(Task item): All of the lines below are to be transcribed faithfully, with pictures excluded from the copy.

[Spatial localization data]
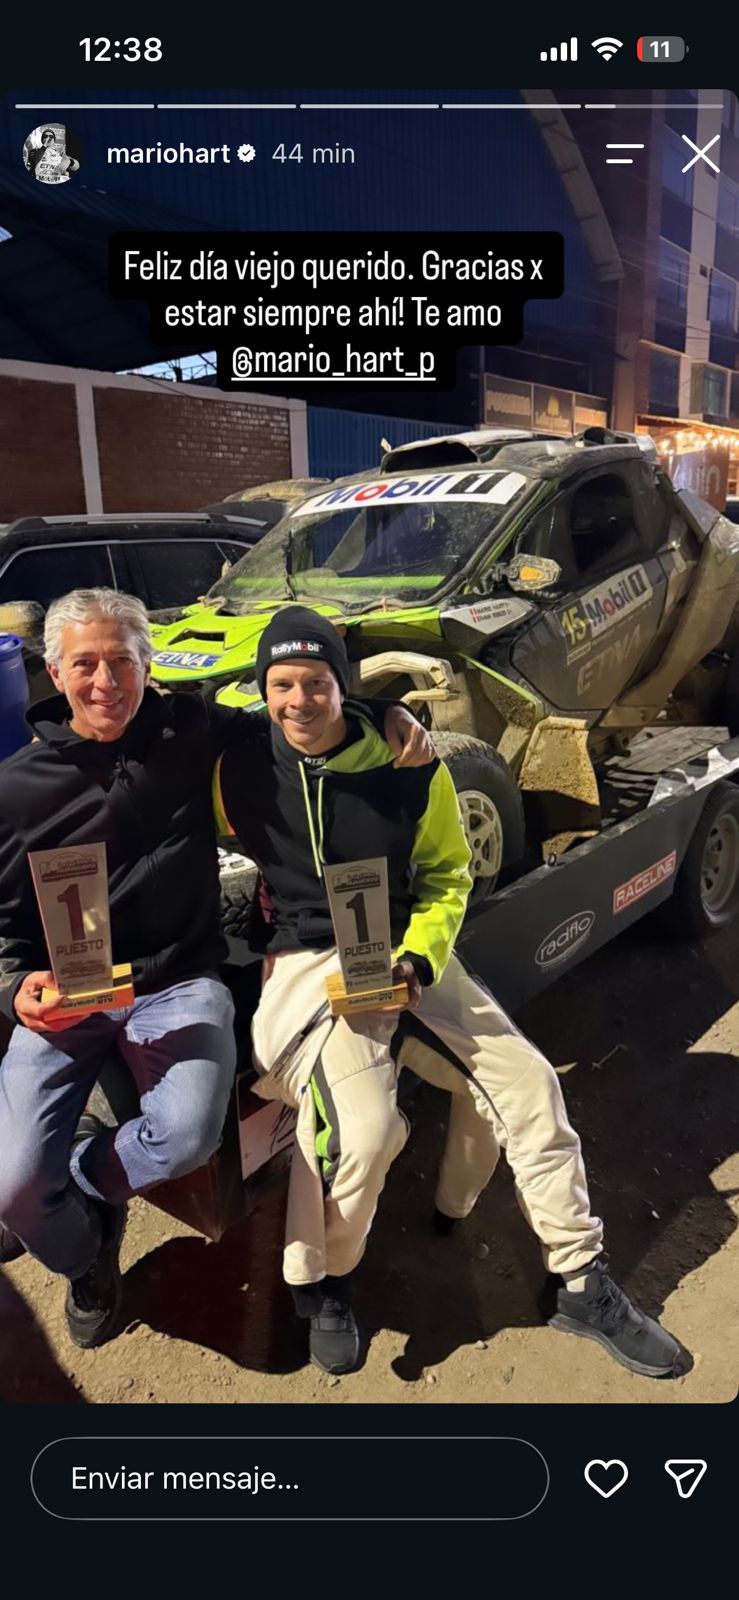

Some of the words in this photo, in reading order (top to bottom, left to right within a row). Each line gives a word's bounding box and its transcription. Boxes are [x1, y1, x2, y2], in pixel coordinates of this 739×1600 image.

[314, 474, 454, 508] Mobil
[585, 579, 634, 627] Mobil
[561, 606, 586, 645] 15
[271, 641, 320, 656] RallyMobil
[616, 857, 673, 908] RACELINE
[57, 883, 85, 941] 1
[346, 892, 370, 943] 1
[56, 938, 104, 957] PUESTO
[344, 941, 385, 959] PUESTO
[540, 917, 591, 961] radflo
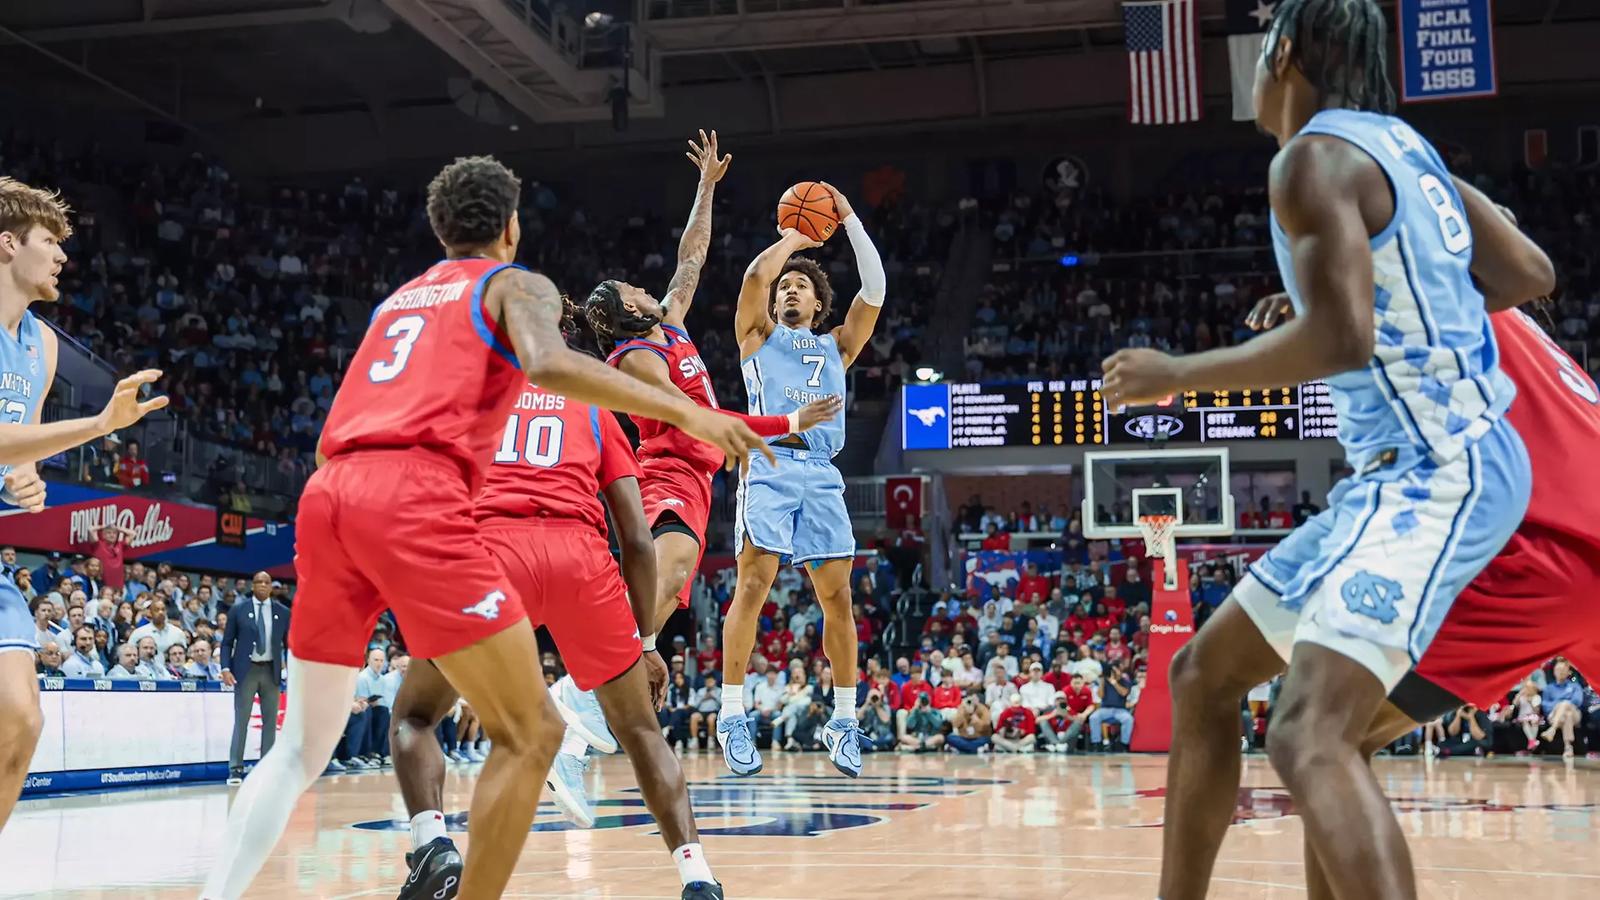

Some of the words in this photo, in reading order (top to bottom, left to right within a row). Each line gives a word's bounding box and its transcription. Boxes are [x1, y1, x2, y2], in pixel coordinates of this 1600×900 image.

[1418, 9, 1472, 28] NCAA
[1416, 28, 1476, 48] FINAL
[1421, 48, 1474, 67] FOUR
[1421, 67, 1476, 91] 1956
[1418, 172, 1472, 255] 8
[368, 314, 425, 385] 3
[679, 354, 707, 379] SM
[802, 354, 826, 387] 7
[784, 385, 843, 405] CARO
[1207, 413, 1236, 425] STET
[1260, 425, 1277, 437] 41
[494, 413, 564, 468] 10
[70, 506, 100, 545] PONY
[117, 503, 173, 548] Dallas
[1150, 623, 1173, 635] Origin
[1173, 623, 1192, 633] Bank

(Solution):
Some of the words in this photo, in reading order (top to bottom, left to right within a row). Each line gives a word's bounding box and its transcription. Boxes are [x1, y1, x2, y2], in pixel coordinates of this 739×1600 image.

[314, 474, 454, 508] Mobil
[585, 579, 634, 627] Mobil
[561, 606, 586, 645] 15
[271, 641, 320, 656] RallyMobil
[616, 857, 673, 908] RACELINE
[57, 883, 85, 941] 1
[346, 892, 370, 943] 1
[56, 938, 104, 957] PUESTO
[344, 941, 385, 959] PUESTO
[540, 917, 591, 961] radflo

Some of the words in this photo, in reading order (top to bottom, left to right within a row). Each line gives a word's bounding box and its transcription. Boxes are [x1, y1, x2, y2], in pixel coordinates of this 1600×900 image.

[1418, 9, 1472, 28] NCAA
[1416, 28, 1476, 48] FINAL
[1421, 48, 1474, 67] FOUR
[1421, 67, 1476, 91] 1956
[1418, 172, 1472, 255] 8
[368, 314, 425, 385] 3
[679, 354, 707, 379] SM
[802, 354, 826, 387] 7
[784, 385, 843, 405] CARO
[1207, 413, 1236, 425] STET
[1260, 425, 1277, 437] 41
[494, 413, 564, 468] 10
[70, 506, 100, 545] PONY
[117, 503, 173, 548] Dallas
[1150, 623, 1173, 635] Origin
[1173, 623, 1192, 633] Bank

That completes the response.